Radiological controls provided for drywell work, turbine work, refueling work, and radiological diving activities were commensurate with potential radiological hazards present. PECO supplied and required use of appropriate personnel radiation exposure monitoring devices during work activities. The devices were properly worn and were supplemented with additional dosimetry for workers entering areas exhibiting dose rate gradients (e.g., under vessel work). Worker dosimetry records were updated and properly maintained.
PECO used real time, alarming electronic teledosimetry to monitor worker radiation exposures in high radiation areas. Workers were observed to be monitored with teledosimetry during selected work (e.g., drywell work, under vessel work, and diving activities). Radiological controls personnel maintained cognizance of worker radiation exposure accumulation and provided feedback to workers (via headsets),
as to their accumulated exposure and low-dose waiting areas. Dosimetry alarm setpoints were reasonable.
Radiological areas (e.g., high radiation areas, radiation areas) were properly posted and controlled.
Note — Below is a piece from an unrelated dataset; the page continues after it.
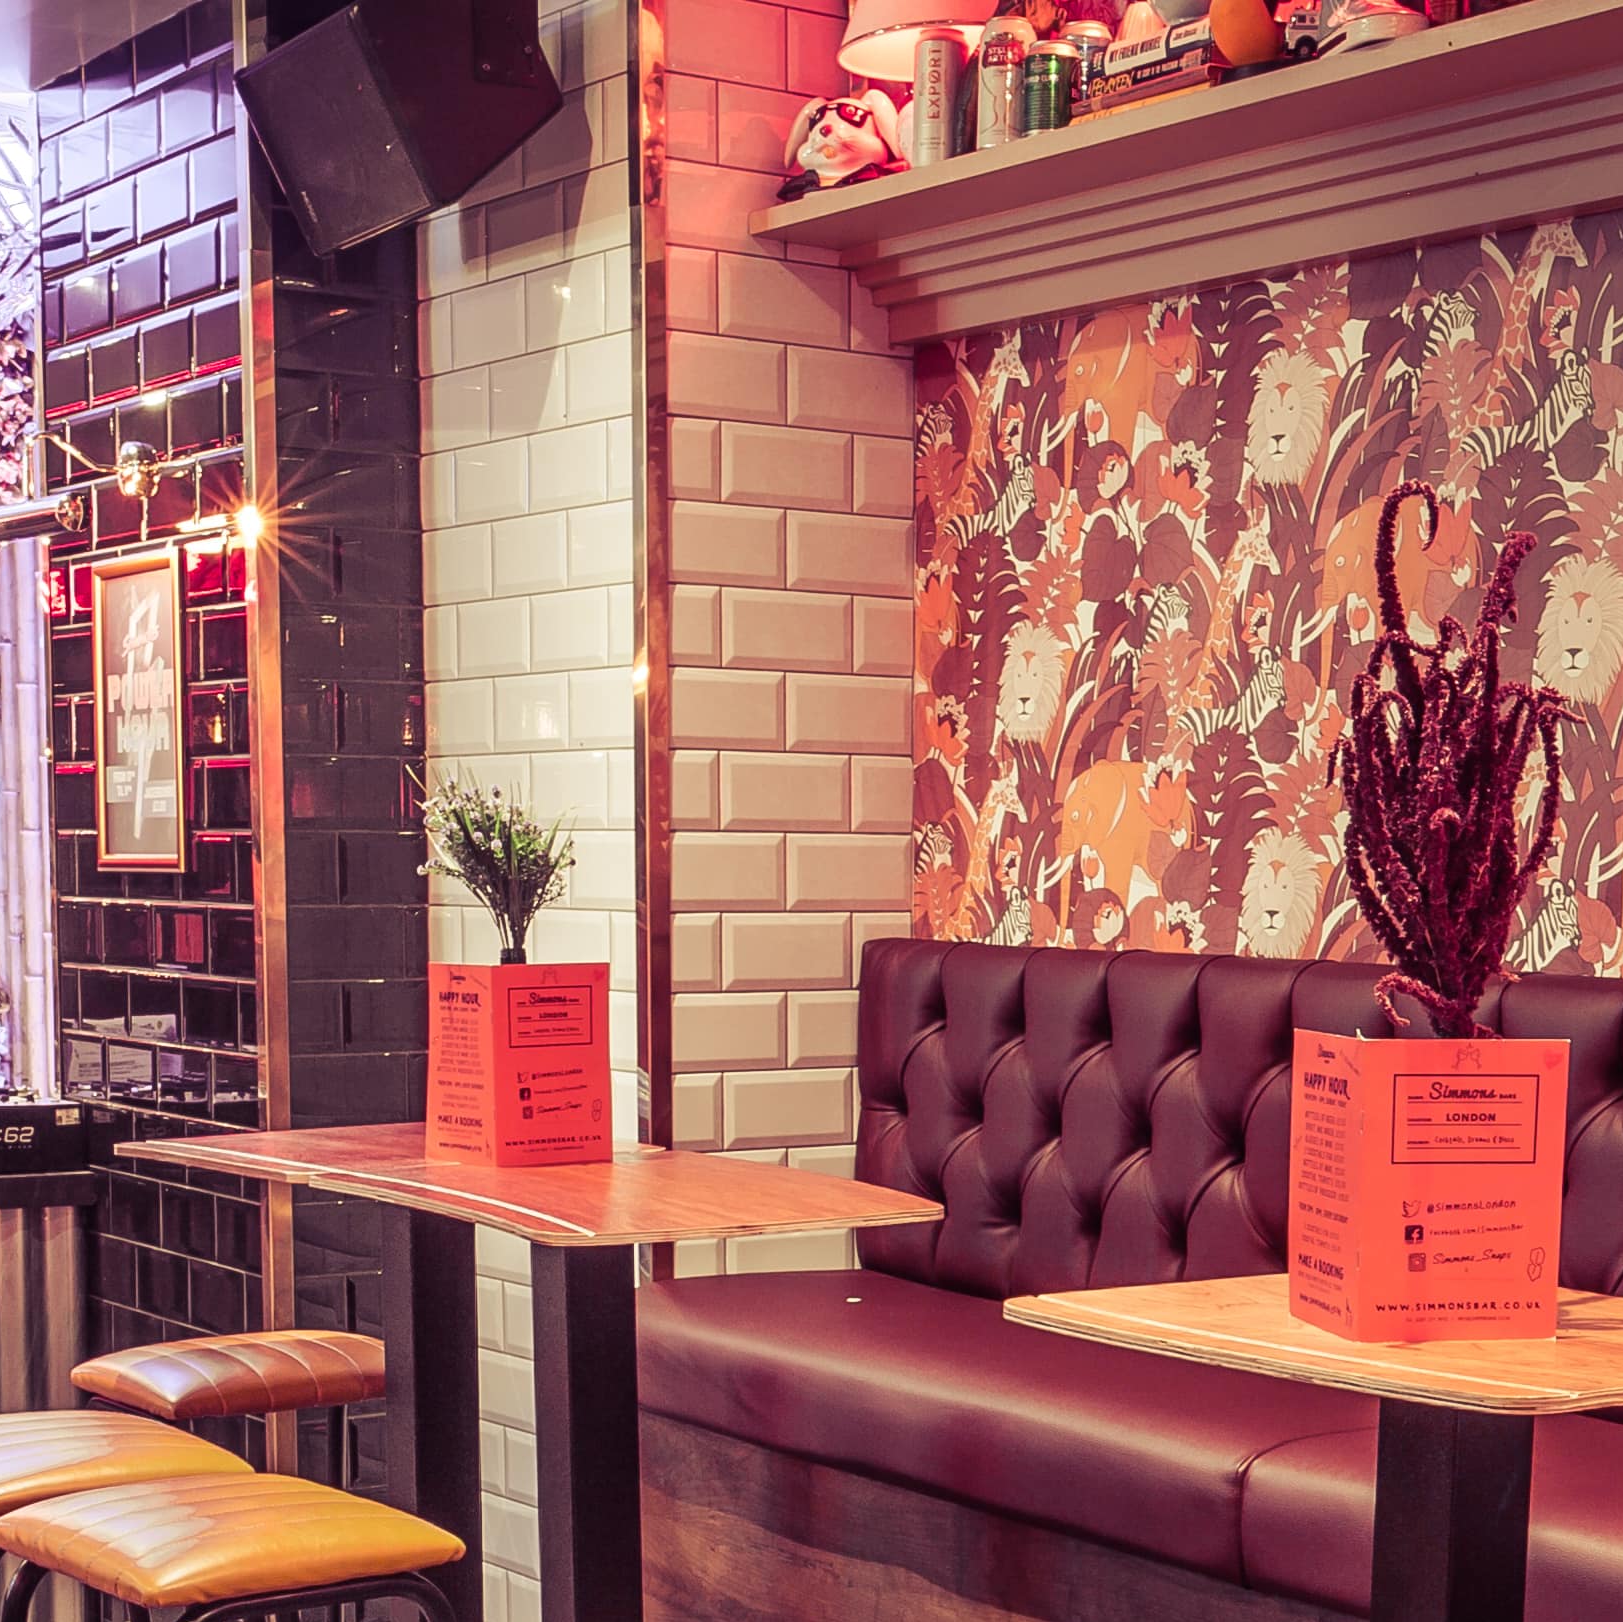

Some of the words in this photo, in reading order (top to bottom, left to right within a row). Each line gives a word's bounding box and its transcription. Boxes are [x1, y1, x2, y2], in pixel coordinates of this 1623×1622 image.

PECO used numerous remote television cameras to monitor activities in high radiation areas.
Airborne radioactivity sampling and analysis for ongoing work was commensurate with the radiological hazard present. No individual sustained any significant intake of airborne radioactivity as of the end of the inspection. PECO implemented use of close-capture engineering controls to reduce ambient and peak concentrations of airborne radioactivity. Individuals were observed to properly use respiratory protective equipment. Breathing air quality, for air supplied respirators, was properly evaluated in accordance with applicable standards.
- PECO implemented effective area and personnel contamination controls. Work areas were decontaminated as appropriate to minimize unnecessary protective clothing, access controls, and the potential for personnel contamination. When personnel contamination was identified, appropriate dose calculations were made and evaluations and actions were initiated to prevent recurrence. No significant internal or external exposure of workers was identified as a result of personnel contamination.
Applicable radiological controls procedures were implemented. Workers were observed to properly sign-in on their assigned radiation work permits and follow prescribed radiological controls.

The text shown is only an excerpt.